Monday, May 05, 2008

All Apologies

Nutjobber's e-mail hates me. And, apparently, I was too busy having sex with my boyfriend to notice. We'll have a new review up soon.

Until then, go check out Widow for One Year's new blog template, and leave her a nice comment.

And, LoveyH has redone her fugly template, too, and written a ballsy blog post. Go give her some love. The nice kind, pervs.

This week's victims:

Also: If you have submitted your blog for review, the current wait time is about 7 weeks. But, just like Disneyland, it's generally worth the wait. Especially if you like pain.


  1. My sense of entitlement can beat up their senses of entitlement.

    I deserve a place at the front of the line. A nice shady place, with attractive young men serving me sweet, cool beverages and scouring the excess skin from the pads of my feet.

    Gimme. Just gimme.

  2. If you think that was a ballsy post, you must have actually had your brains fucked out this weekend.
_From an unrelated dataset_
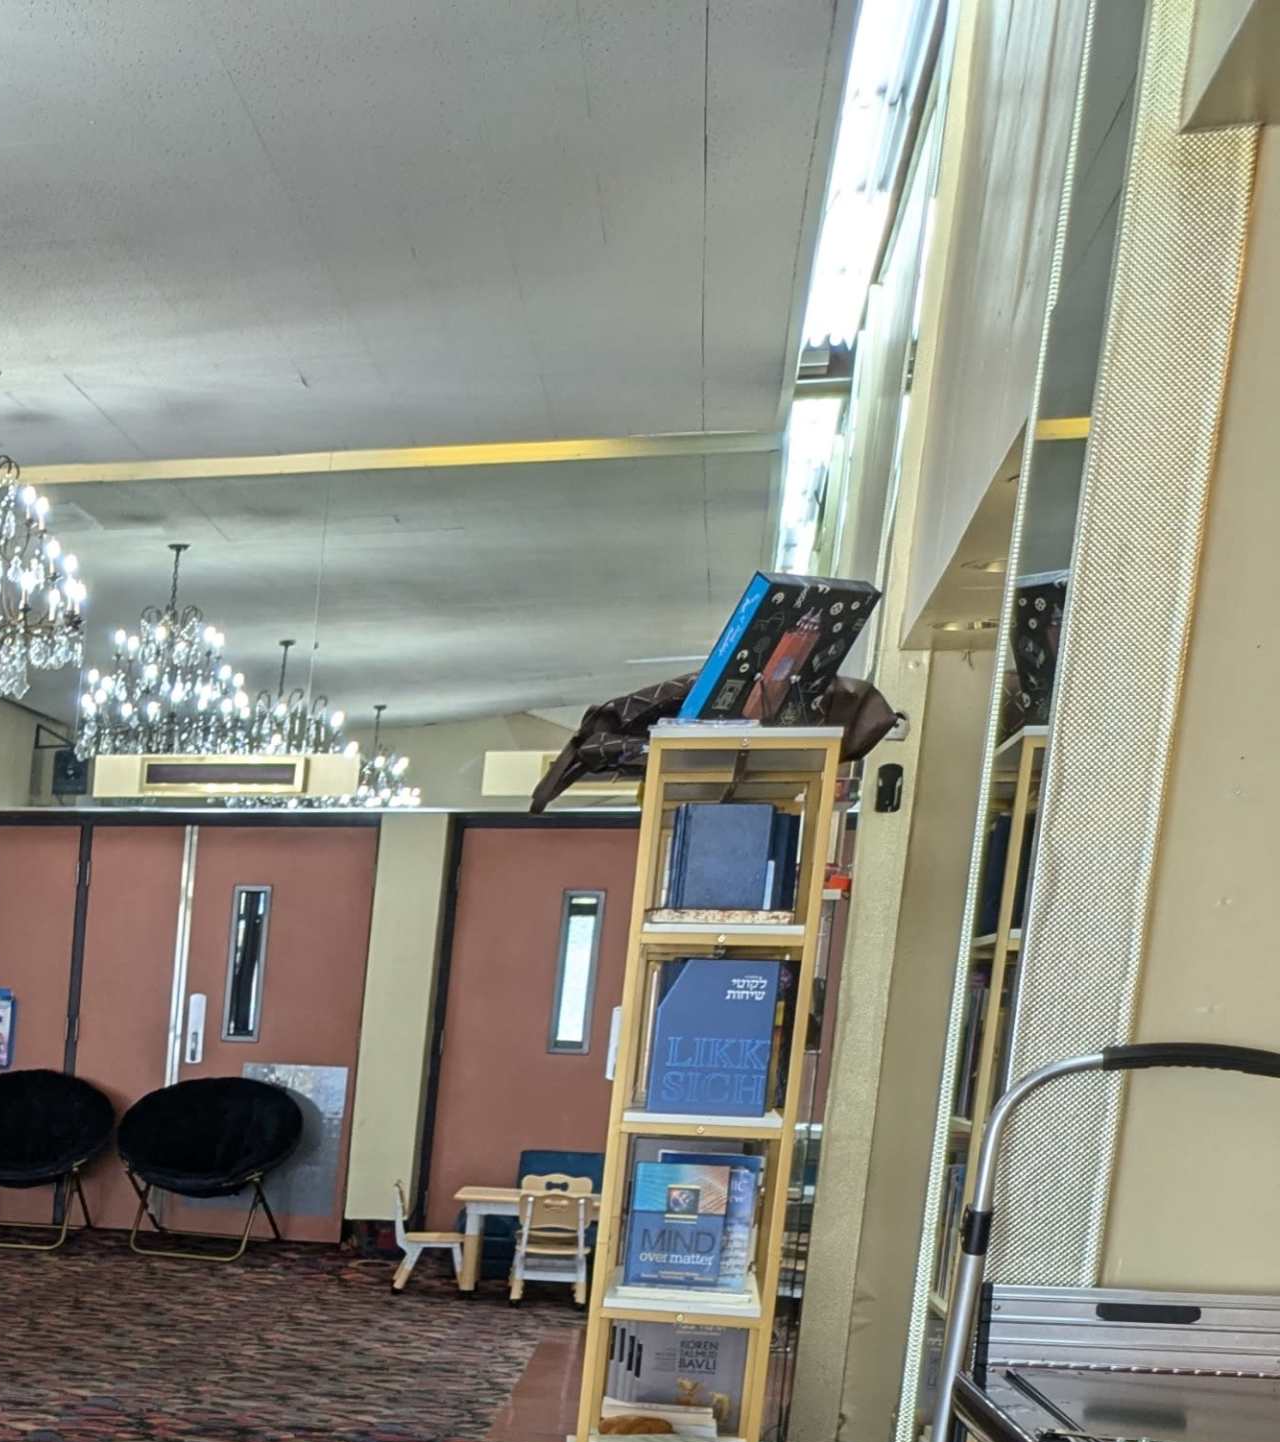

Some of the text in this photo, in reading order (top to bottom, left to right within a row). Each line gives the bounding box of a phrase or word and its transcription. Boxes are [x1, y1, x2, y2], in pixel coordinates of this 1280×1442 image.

    I strongly disagree. It's another list of random facts about her without any realistic lense to interpret them through. It's another silly charter of experiences without any of the emotions of the experience themselves.

    If she's materialistic with one thing, it's labels and life experiences - she turns them into commodities and hoards them like she hoards everything else.

    Stop encouraging her nonsense.

    ~ Driz

  3. I agree with Driz.

    Not because I read the diatribe but because the comment made me laugh.

    That post is too fucking long and authored at the department of redundancy department.

    The week ahead looks bleak.

  4. Oh my.

    You do need to skip everything and get to rationreality.

    Bagel, your sense of entitlement is hilarious.

  5. I met Bagel's sense of entitlement. It's rather, um, entitled.

  6. No new review was bad enough. But no quote of the week either?


  7. I'm sorry, y'all, I'm in lovely Birmingham, Alabama, with sporadic internet service. Will try to do quote next week.

  8. i'm really scared, please let me know if i should be wearing a diaper at the time of reading. lol


Grow a pair.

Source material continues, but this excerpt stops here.